Wordle, April 21, 2024
I did not solve Wordle 1,037. I fell into the too-many-alternatives trap.
I’m interested in how accurate my fourth guess (“wooly”) was, and in how many alternatives I had for my fifth guess.
Here is a way to find the words that I could have guessed for my fourth guess:
grep '^.....$' /usr/share/dict/words |
tr '[A-Z]' '[a-z]' |
grep -E '^[^cranemudtis]o[^cranemudtis]l[^cranemudtis]$'
That regular expression finds 9 words could have been my fourth guess:
folly
golly
holly
holly
jolly
jowly
lolly
lowly
polly
woolf
If I don’t know the answer is “jolly”, what would be my best guess here?

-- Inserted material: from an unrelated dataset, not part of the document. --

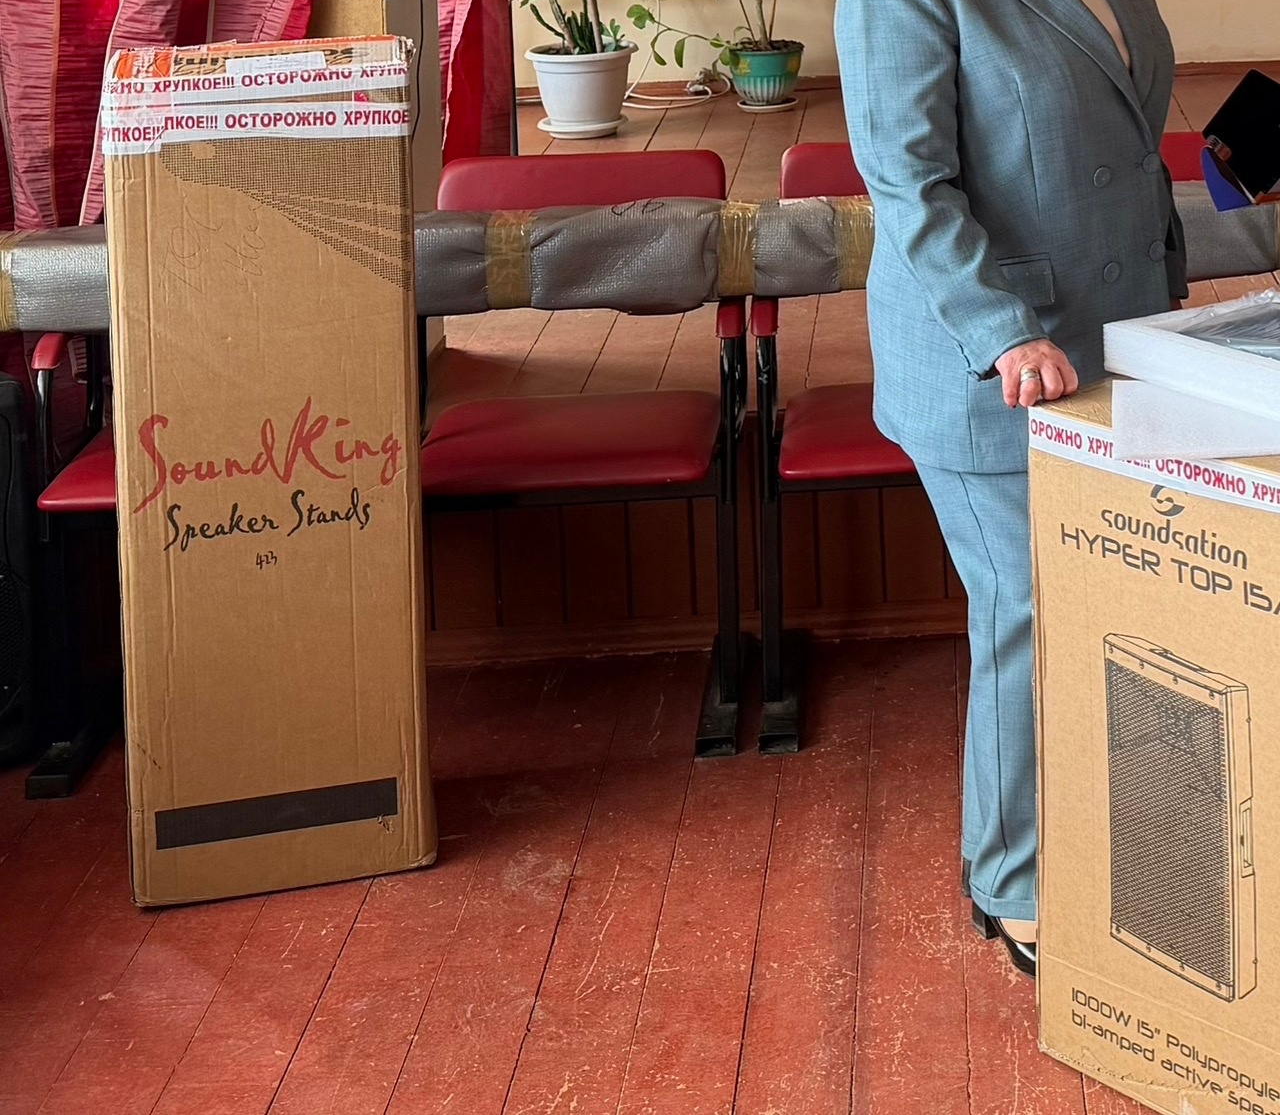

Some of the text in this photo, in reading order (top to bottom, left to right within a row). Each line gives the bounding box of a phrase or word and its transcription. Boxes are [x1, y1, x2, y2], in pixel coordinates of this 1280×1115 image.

Columns 1, 3 and 5 are unknown.
Column 5 is easy: “woolf” probably isn’t in the Official Wordle Word List, so ‘y’ is the only letter for column 5.

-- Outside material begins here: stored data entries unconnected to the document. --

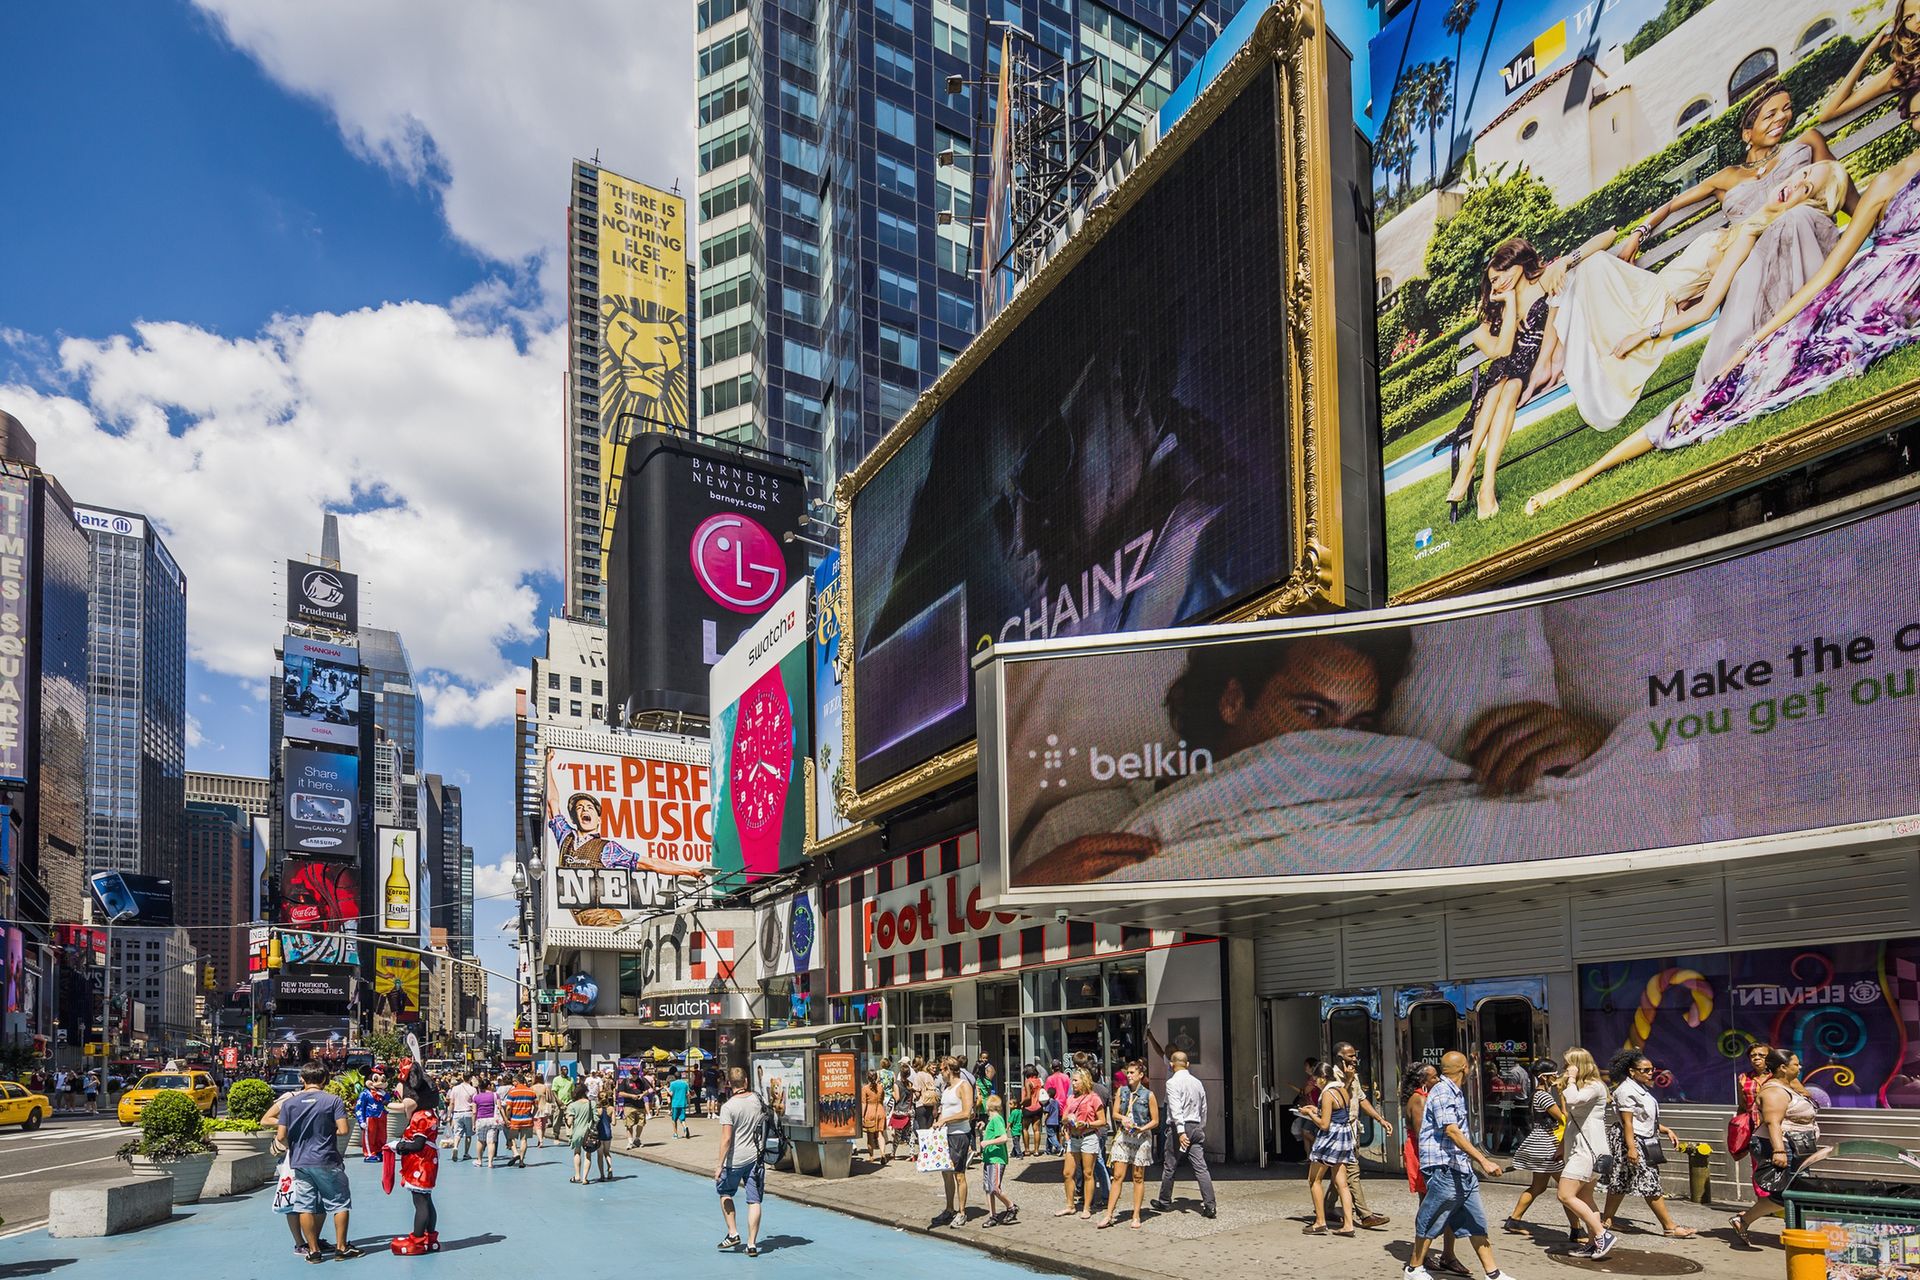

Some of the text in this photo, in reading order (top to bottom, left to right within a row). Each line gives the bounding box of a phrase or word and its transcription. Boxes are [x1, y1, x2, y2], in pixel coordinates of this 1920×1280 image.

[604, 181, 676, 218] "THERE IS
[614, 202, 670, 232] SIMPLY
[602, 214, 682, 252] NOTHING
[625, 238, 660, 262] ELSE
[613, 250, 648, 275] LIKE
[693, 458, 780, 488] BARNEYS
[709, 491, 766, 512] barneys.com
[0, 492, 25, 601] TIMES
[1000, 529, 1154, 642] CHAINZ
[299, 604, 347, 621] Prudential
[303, 645, 342, 657] SHANGHAI
[748, 616, 787, 667] swatch
[0, 612, 25, 748] SQUARE
[1649, 658, 1773, 707] Make
[1787, 634, 1875, 678] the
[1649, 706, 1732, 751] you
[1750, 681, 1832, 734] get
[312, 727, 333, 736] CHINA
[1090, 740, 1213, 781] belkin
[298, 777, 344, 793] it here...
[304, 766, 338, 780] Share
[621, 757, 711, 802] PERF
[564, 854, 591, 867] Disney
[647, 842, 679, 861] FOR
[387, 888, 409, 896] Corona
[388, 903, 408, 914] Light
[863, 889, 935, 954] Foot
[659, 1000, 710, 1017] swatch
[1421, 1058, 1443, 1066] ONL
[1422, 1048, 1445, 1056] EXIT
[787, 1080, 804, 1100] ted

Letters for column 1 and their frequency:
grep '^.....$' /usr/share/dict/words |
tr '[A-Z]' '[a-z]' |
grep -E '^[^cranemudtis]o[^cranemudtis]l[^cranemudtis]$' |
sort | uniq | cut -c1 | sort | uniq -c | sort -k1.1n
That gives me these letters and counts for column 1:
1 f
1 g
1 h
1 p
1 w
2 j
2 l
Clearly a word with ’l’ or ‘j’ in column 1. “jolly”, “jowly”, “lolly”, “lowly” all have initial ’l’ or ‘j’.

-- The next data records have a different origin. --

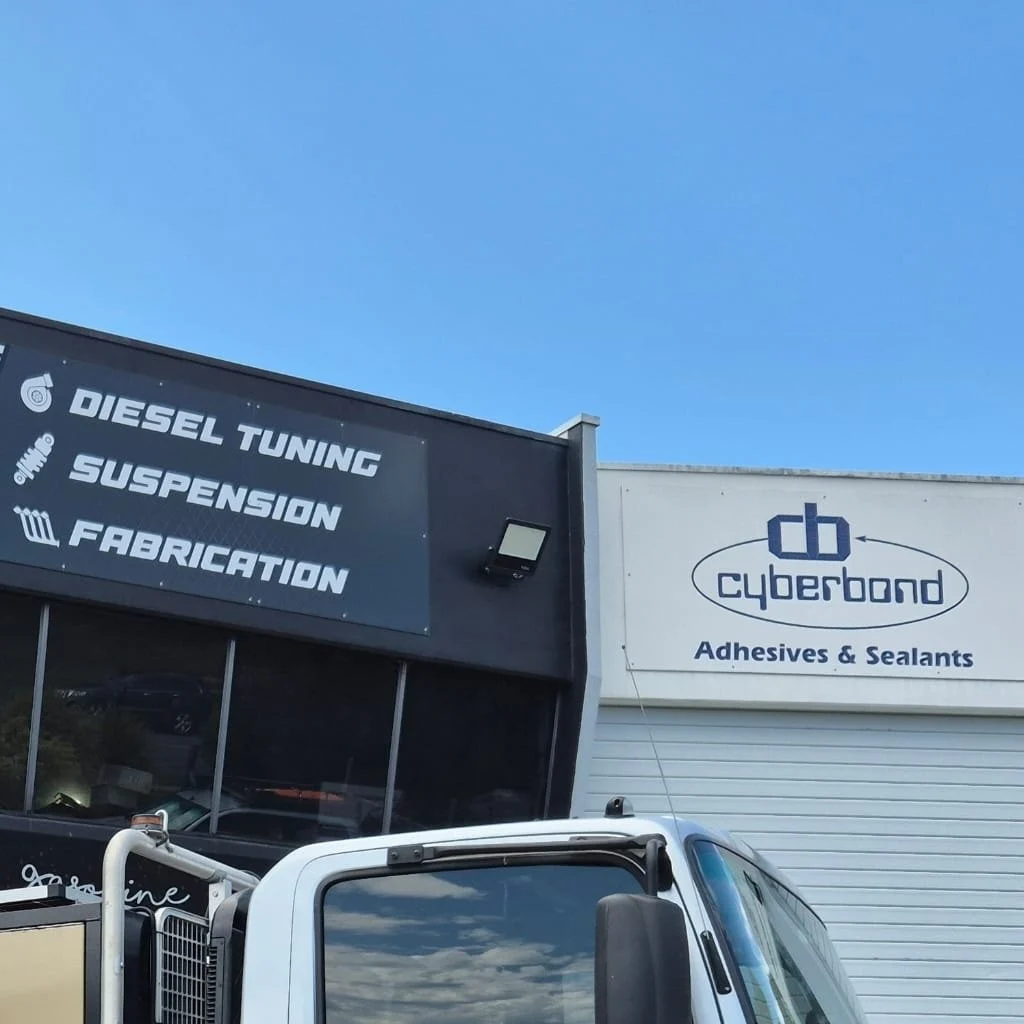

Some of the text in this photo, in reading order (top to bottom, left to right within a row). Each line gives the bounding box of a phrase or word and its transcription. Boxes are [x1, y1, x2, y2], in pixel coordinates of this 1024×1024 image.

[69, 388, 382, 478] DIESEL TUNING
[69, 454, 343, 531] SUSPENSION
[69, 520, 350, 595] FABRICATION
[718, 564, 944, 610] cyberbond
[694, 641, 974, 668] Adhesives & Sealants
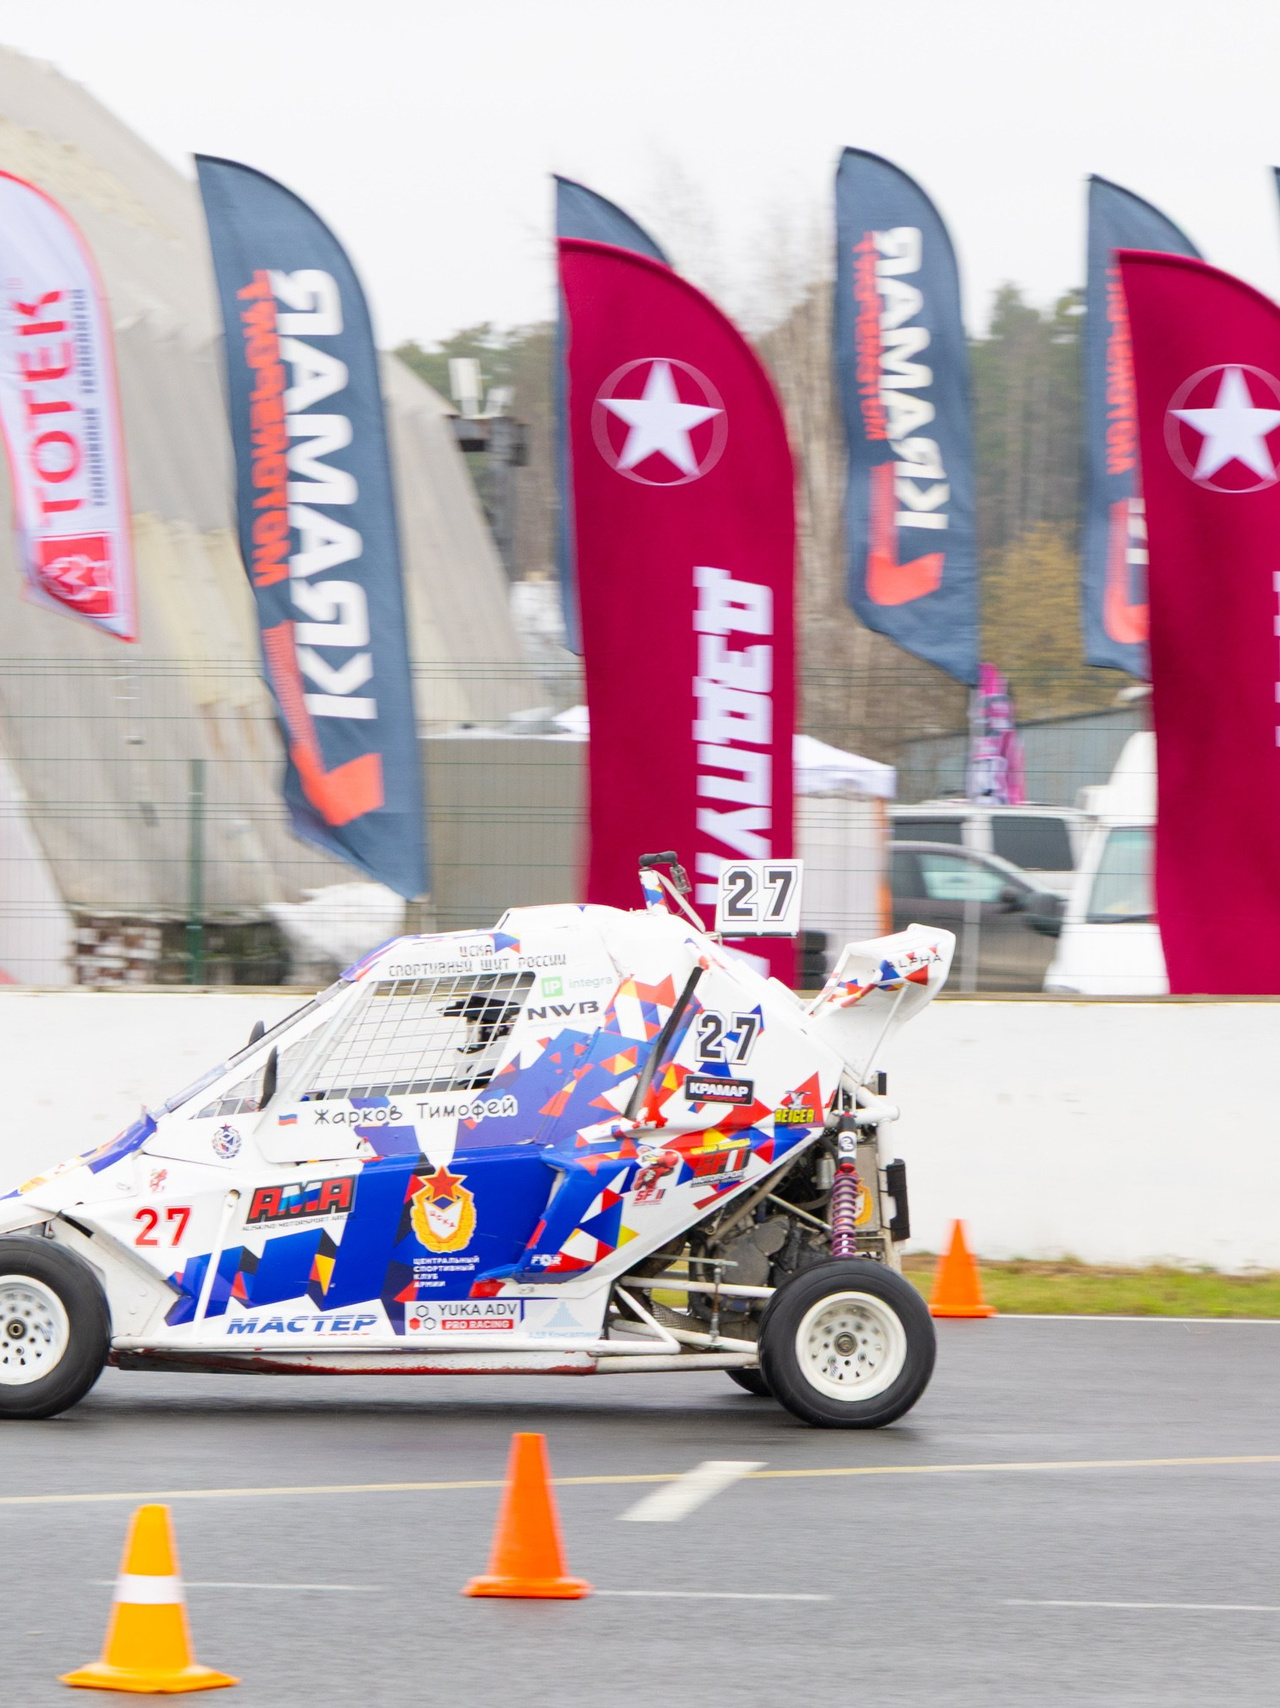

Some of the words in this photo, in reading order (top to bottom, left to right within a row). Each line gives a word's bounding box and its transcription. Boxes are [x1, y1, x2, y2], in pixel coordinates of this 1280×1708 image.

A similar script for column 3 yeilds:
1 o
2 w
6 l
The potential answer words beginning with ’l’ or ‘j’ don’t have an ‘o’ in column 3, so a program doing this puzzle would pick an ’l’ for column 3’. That gives potential answers of “jolly” and “lolly” as the best, at least in terms of either guessing correctly, or eliminating more of the potential answer words.
But I chose “wooly”.
After “wooly”, this regular expression says that six words could potentially solve the puzzle:
grep '^.....$' /usr/share/dict/words |
tr '[A-Z]' '[a-z]' |
grep -E '^[^cranemudtiswo]o[^cranemudtiswo]ly$'
I only had 2 guesses left at that point, although I probably would not arrive at “lolly” without more help, as I speak US English.
folly
golly
holly
jolly
lolly
polly
After “wooly” failed me, all the potential answers end in “olly”. All six have different letters in column 1. In my mind, the choice at this point comes down to letter frequence in English.
“holly” begins with an ‘h’ which is a high-frequency letter in English. After that, all choices are about the same. ‘j’ as an initial letter is fairly low frequency.
Not a great showing, but not inexcusable, either.